Autre sujet, autre problème envisagé : la sécurité des données. Psychose ou réels enjeux, les conférenciers semblent assez unanimes. Les problèmes liés à la sécurité ne sont pas réellement amplifiés lorsque l’on utilise le Cloud. « Ces problèmes sont les mêmes que pour les systèmes d’informations en général. La solution reste le cryptage avec les problèmes corollaires d’action sur les données cryptées : c’est un vrai sujet de recherche. Aujourd’hui on a du mal à travailler et à agir sur des données cryptés, sans passer par un décryptage », avance sur ce sujet Bruno Doucende. « Au contraire, assure sur le sujet de la protection des données Jean-Max Verseille, votre centre de serveurs dans le Cloud sera équipé de la dernière version du pare-feux le plus performant, avec des mis à jour en temps réel. La petite PME du coin n’aurait pas forcément pu se le permettre. »
Reste un écueil non négligeable, celui des solutions juridiques. Le stockage externe des données, personnelles, notamment, poussent à se poser certaines questions. Pour y répondre, parole à Jean-Marie Nazarenko, correspondant informatique et liberté de l’Incubateur Belle de Mai.
Interview Jean Marie Nazarenko – Conférence… par incubateurbelledemai
En somme, et comme souvent, le Cloud Computing n’est ni tout blanc ni tout noir. Ni un miracle ni une bombe à retardement.

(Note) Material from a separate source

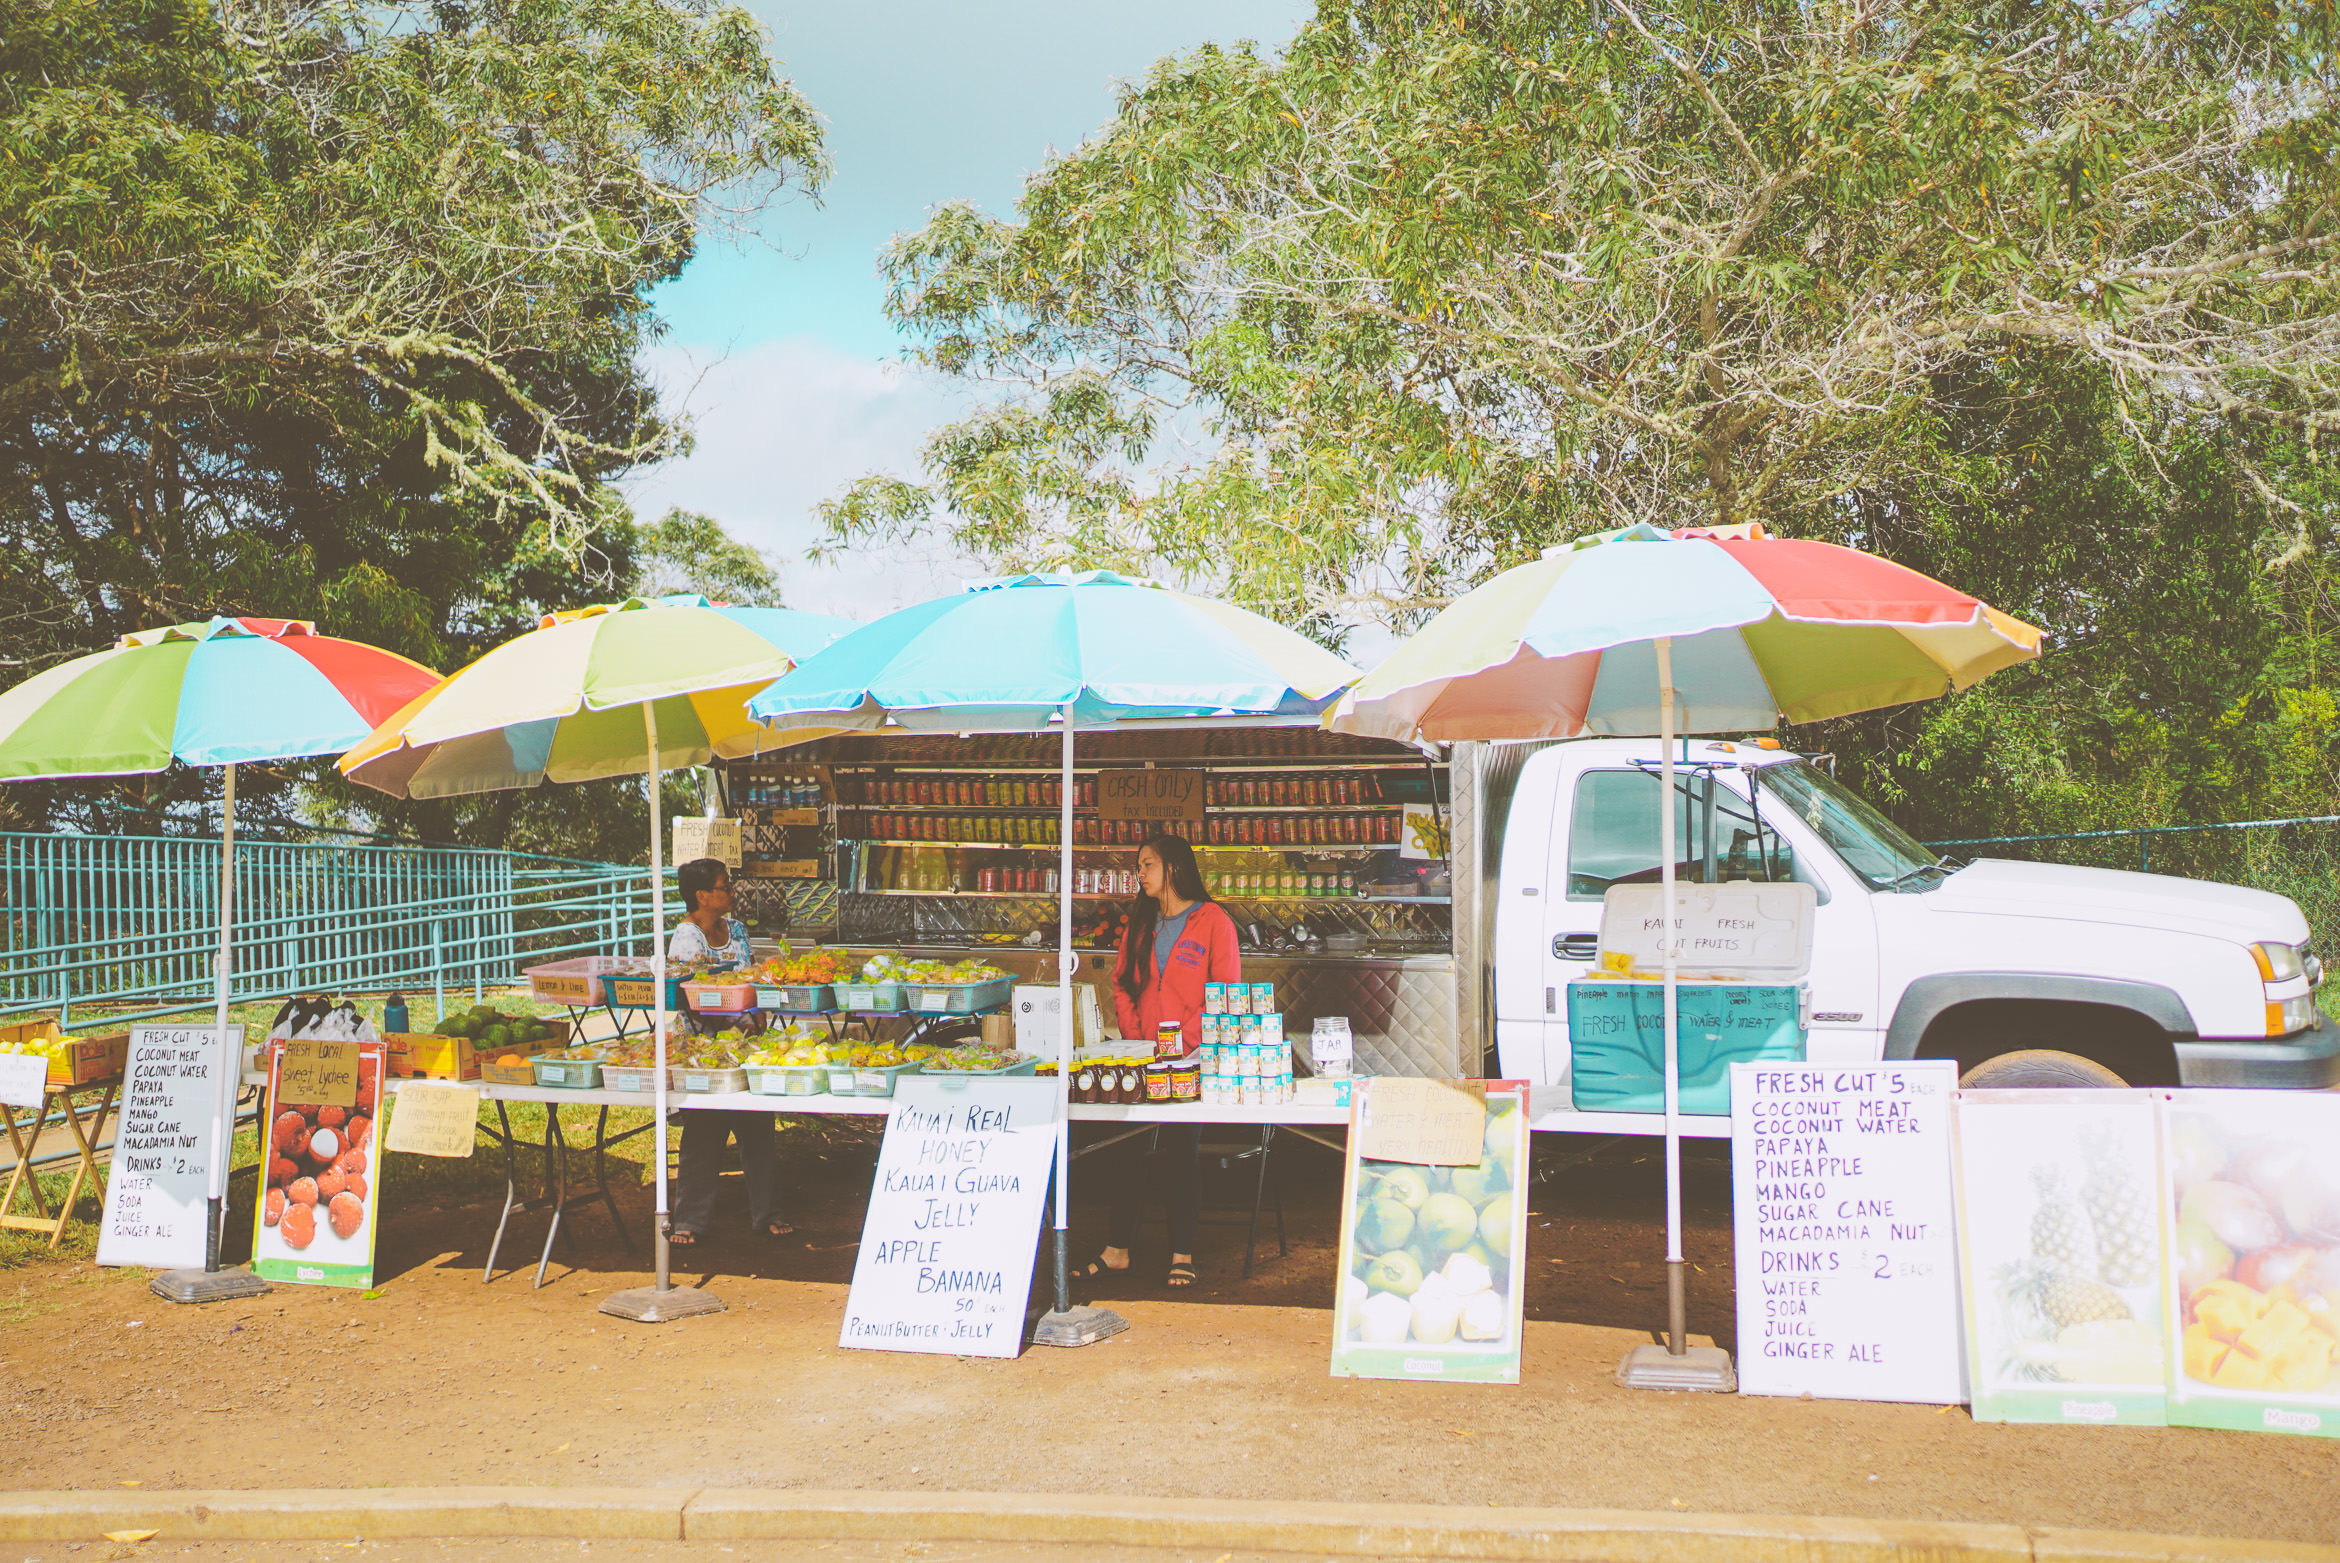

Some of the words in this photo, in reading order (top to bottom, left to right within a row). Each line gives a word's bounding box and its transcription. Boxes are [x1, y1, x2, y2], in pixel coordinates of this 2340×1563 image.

La vérité est entre les deux, et le salut résidera dans les modalités d’usage : savoir disposer du Cloud lorsque celui-ci apporte de réels avantages, sans pousser l’utilisateur vers des travers périlleux.
Quoi qu’il en soit, les débats sont loin d’être terminés, notamment concernant la sécurité des données personnelles. Nous sommes à une époque charnière sur ce sujet, et les récentes conclusions de la CNIL risquent bien de donner un grand coup dans la fourmilière. Affaire à suivre.